What this misses: Semantic correctness (the data flows but produces wrong results). That is the domain of testing, not verification.
Stub Detection Patterns for Level 2 (SUBSTANTIVE)
Scan changed files for these patterns to verify they contain real logic, not placeholder implementations:
| Pattern | Language | Indicates |
|---|---|---|
return [] |
Python, JS/TS | Empty list return — may be stub if function should compute results |
return {} |
Python, JS/TS | Empty dict/object return — may be stub if function should build a structure |
return None |
Python | Sole return in non-optional function — likely stub |
return nil, nil |
Go | Returning no value and no error — likely stub |
return nil |
Go | Single nil return in a function expected to produce a value |
pass (as sole body) |
Python | Empty function body — definite stub |
... (Ellipsis as body) |
Python | Protocol/abstract stub — should not appear in concrete implementations |
() => {} |
JS/TS | Empty arrow function — no-op handler |
onClick={() => {}} |
JSX/TSX | Empty click handler — UI wired but non-functional |
throw new Error("not implemented") |
JS/TS | Explicit "not done" marker |
panic("not implemented") |
Go | Explicit "not done" marker |
raise NotImplementedError |
Python | Explicit "not done" marker |
TODO, FIXME, HACK, XXX |
Any | Markers for incomplete work (in non-test files) |
PLACEHOLDER, stub, mock |
Any | Self-described placeholder code (in non-test files) |
"coming soon", "not yet implemented" |
Any | Placeholder UI/API text |
Automated scan command (run against files changed in the current task):
# Get changed files relative to base branch
changed_files=$(git diff --name-only main...HEAD)
# Scan for stub patterns (adjust base branch as needed)

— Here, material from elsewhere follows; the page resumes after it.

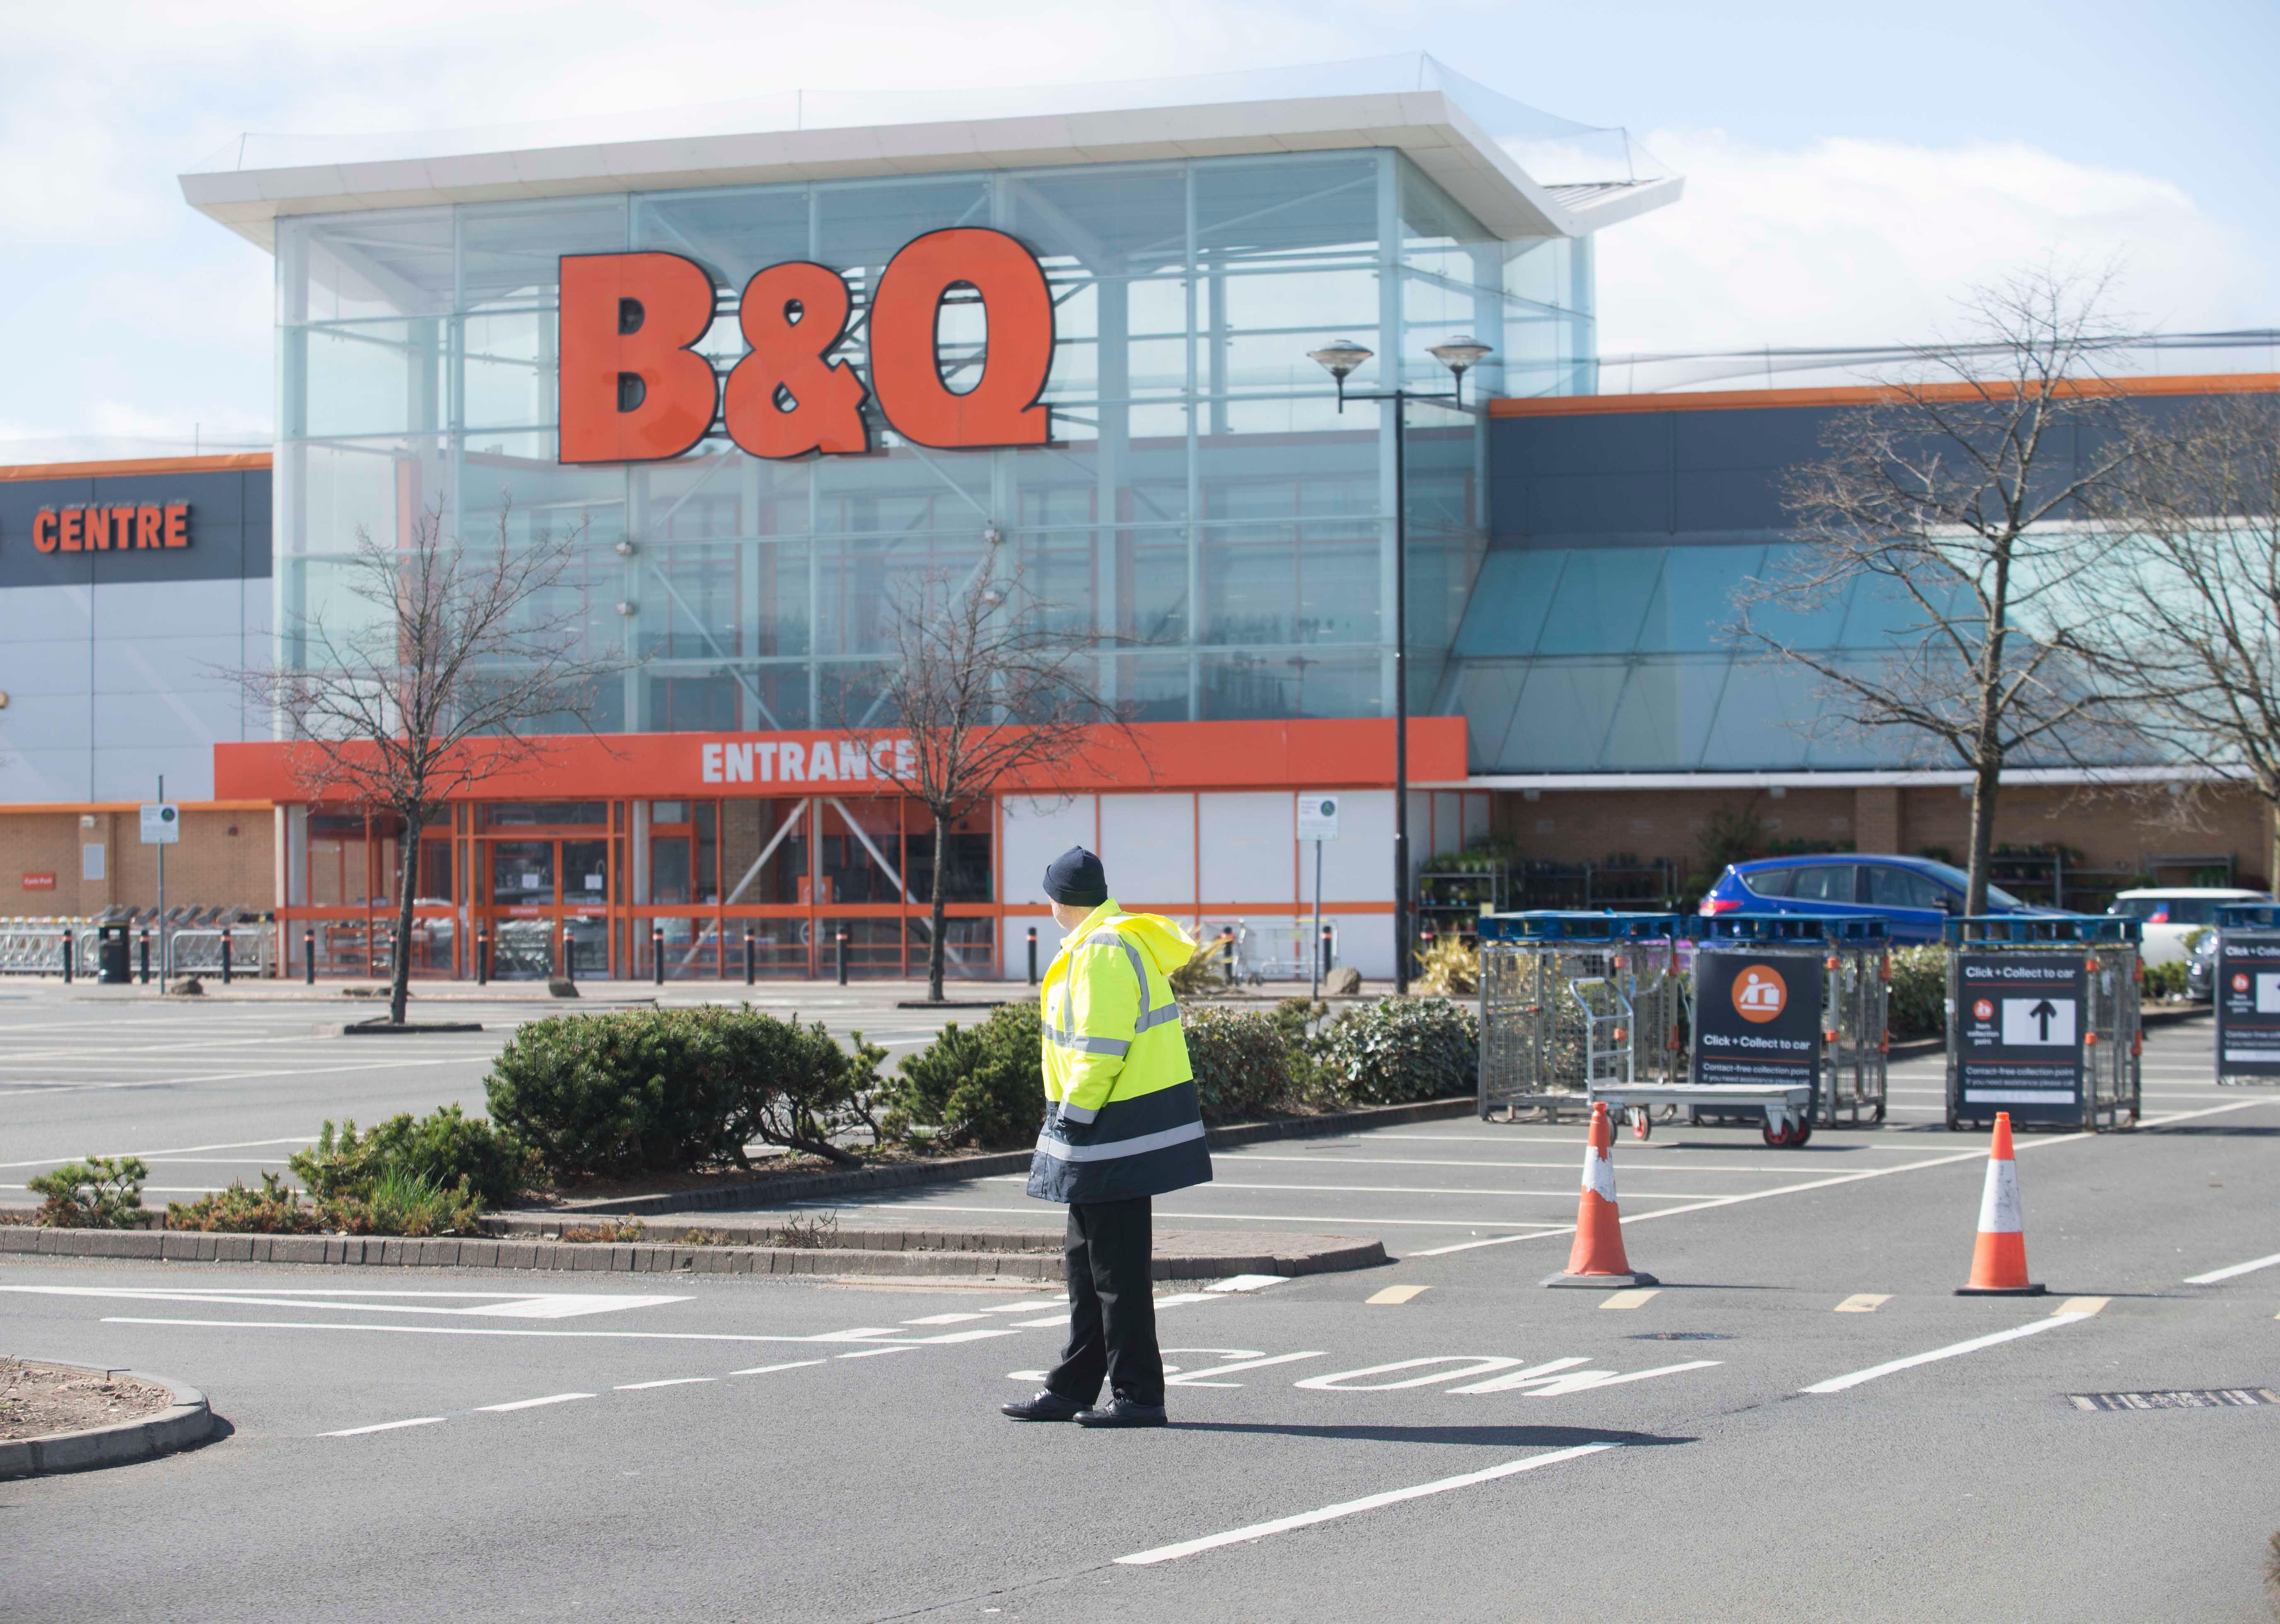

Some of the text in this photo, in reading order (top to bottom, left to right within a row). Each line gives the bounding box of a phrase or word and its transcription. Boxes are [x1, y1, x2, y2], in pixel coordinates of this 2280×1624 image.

grep -n -E "(return \[\]|return \{\}|return None|return nil|pass$|raise NotImplementedError|panic\(\"not implemented\"\)|throw new Error\(\"not implemented\"\)|TODO|FIXME|HACK|XXX|PLACEHOLDER)" $changed_files
Review methodology: Each match requires investigation. If the pattern is intentional (e.g., a function that genuinely returns an empty list), note it in the verification report with rationale. If it is a stub, flag it as a blocker — resolve stubs before declaring task complete.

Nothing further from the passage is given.